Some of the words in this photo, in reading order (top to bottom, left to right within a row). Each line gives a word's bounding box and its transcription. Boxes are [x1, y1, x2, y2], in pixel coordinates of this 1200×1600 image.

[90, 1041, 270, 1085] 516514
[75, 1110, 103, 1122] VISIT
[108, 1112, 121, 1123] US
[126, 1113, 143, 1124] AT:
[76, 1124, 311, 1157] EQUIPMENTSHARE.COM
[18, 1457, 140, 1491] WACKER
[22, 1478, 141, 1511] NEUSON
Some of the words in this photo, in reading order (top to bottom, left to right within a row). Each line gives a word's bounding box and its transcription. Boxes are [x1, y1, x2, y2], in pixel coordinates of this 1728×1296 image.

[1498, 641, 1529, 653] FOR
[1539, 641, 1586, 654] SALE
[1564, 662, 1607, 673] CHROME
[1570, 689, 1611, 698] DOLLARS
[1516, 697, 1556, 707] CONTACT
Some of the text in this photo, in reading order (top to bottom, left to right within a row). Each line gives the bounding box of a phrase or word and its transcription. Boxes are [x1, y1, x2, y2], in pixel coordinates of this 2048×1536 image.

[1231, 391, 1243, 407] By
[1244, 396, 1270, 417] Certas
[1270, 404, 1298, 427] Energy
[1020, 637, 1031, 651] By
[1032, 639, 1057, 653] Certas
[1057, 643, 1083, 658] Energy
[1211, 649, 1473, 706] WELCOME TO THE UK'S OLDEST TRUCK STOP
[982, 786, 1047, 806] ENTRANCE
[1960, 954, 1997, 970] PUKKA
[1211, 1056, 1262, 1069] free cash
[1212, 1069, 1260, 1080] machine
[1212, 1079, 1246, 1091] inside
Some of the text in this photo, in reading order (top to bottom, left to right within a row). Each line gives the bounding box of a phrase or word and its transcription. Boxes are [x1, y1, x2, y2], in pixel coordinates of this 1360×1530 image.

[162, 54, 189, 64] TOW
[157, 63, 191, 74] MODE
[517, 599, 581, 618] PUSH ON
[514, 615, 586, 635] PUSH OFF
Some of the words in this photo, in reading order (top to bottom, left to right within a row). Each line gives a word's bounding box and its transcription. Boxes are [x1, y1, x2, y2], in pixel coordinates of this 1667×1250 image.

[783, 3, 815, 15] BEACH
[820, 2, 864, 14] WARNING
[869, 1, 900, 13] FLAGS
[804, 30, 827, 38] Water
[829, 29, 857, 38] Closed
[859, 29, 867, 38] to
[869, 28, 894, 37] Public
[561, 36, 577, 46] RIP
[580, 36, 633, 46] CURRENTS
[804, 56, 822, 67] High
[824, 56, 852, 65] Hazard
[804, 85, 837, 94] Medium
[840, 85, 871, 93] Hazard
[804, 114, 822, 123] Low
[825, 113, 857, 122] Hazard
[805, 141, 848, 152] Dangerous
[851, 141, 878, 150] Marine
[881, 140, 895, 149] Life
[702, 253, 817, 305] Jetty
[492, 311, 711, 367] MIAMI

▶ **Assigned task**
The answer consists of every entry, returned exactly.

▶ **Exercise solution**
Some of the words in this photo, in reading order (top to bottom, left to right within a row). Each line gives a word's bounding box and its transcription. Boxes are [x1, y1, x2, y2], in pixel coordinates of this 1200×1600 image.

[90, 1041, 270, 1085] 516514
[75, 1110, 103, 1122] VISIT
[108, 1112, 121, 1123] US
[126, 1113, 143, 1124] AT:
[76, 1124, 311, 1157] EQUIPMENTSHARE.COM
[18, 1457, 140, 1491] WACKER
[22, 1478, 141, 1511] NEUSON
Some of the words in this photo, in reading order (top to bottom, left to right within a row). Each line gives a word's bounding box and its transcription. Boxes are [x1, y1, x2, y2], in pixel coordinates of this 1728×1296 image.

[1498, 641, 1529, 653] FOR
[1539, 641, 1586, 654] SALE
[1564, 662, 1607, 673] CHROME
[1570, 689, 1611, 698] DOLLARS
[1516, 697, 1556, 707] CONTACT
Some of the text in this photo, in reading order (top to bottom, left to right within a row). Each line gives the bounding box of a phrase or word and its transcription. Boxes are [x1, y1, x2, y2], in pixel coordinates of this 2048×1536 image.

[1231, 391, 1243, 407] By
[1244, 396, 1270, 417] Certas
[1270, 404, 1298, 427] Energy
[1020, 637, 1031, 651] By
[1032, 639, 1057, 653] Certas
[1057, 643, 1083, 658] Energy
[1211, 649, 1473, 706] WELCOME TO THE UK'S OLDEST TRUCK STOP
[982, 786, 1047, 806] ENTRANCE
[1960, 954, 1997, 970] PUKKA
[1211, 1056, 1262, 1069] free cash
[1212, 1069, 1260, 1080] machine
[1212, 1079, 1246, 1091] inside
Some of the text in this photo, in reading order (top to bottom, left to right within a row). Each line gives the bounding box of a phrase or word and its transcription. Boxes are [x1, y1, x2, y2], in pixel coordinates of this 1360×1530 image.

[162, 54, 189, 64] TOW
[157, 63, 191, 74] MODE
[517, 599, 581, 618] PUSH ON
[514, 615, 586, 635] PUSH OFF
Some of the words in this photo, in reading order (top to bottom, left to right within a row). Each line gives a word's bounding box and its transcription. Boxes are [x1, y1, x2, y2], in pixel coordinates of this 1667×1250 image.

[783, 3, 815, 15] BEACH
[820, 2, 864, 14] WARNING
[869, 1, 900, 13] FLAGS
[804, 30, 827, 38] Water
[829, 29, 857, 38] Closed
[859, 29, 867, 38] to
[869, 28, 894, 37] Public
[561, 36, 577, 46] RIP
[580, 36, 633, 46] CURRENTS
[804, 56, 822, 67] High
[824, 56, 852, 65] Hazard
[804, 85, 837, 94] Medium
[840, 85, 871, 93] Hazard
[804, 114, 822, 123] Low
[825, 113, 857, 122] Hazard
[805, 141, 848, 152] Dangerous
[851, 141, 878, 150] Marine
[881, 140, 895, 149] Life
[702, 253, 817, 305] Jetty
[492, 311, 711, 367] MIAMI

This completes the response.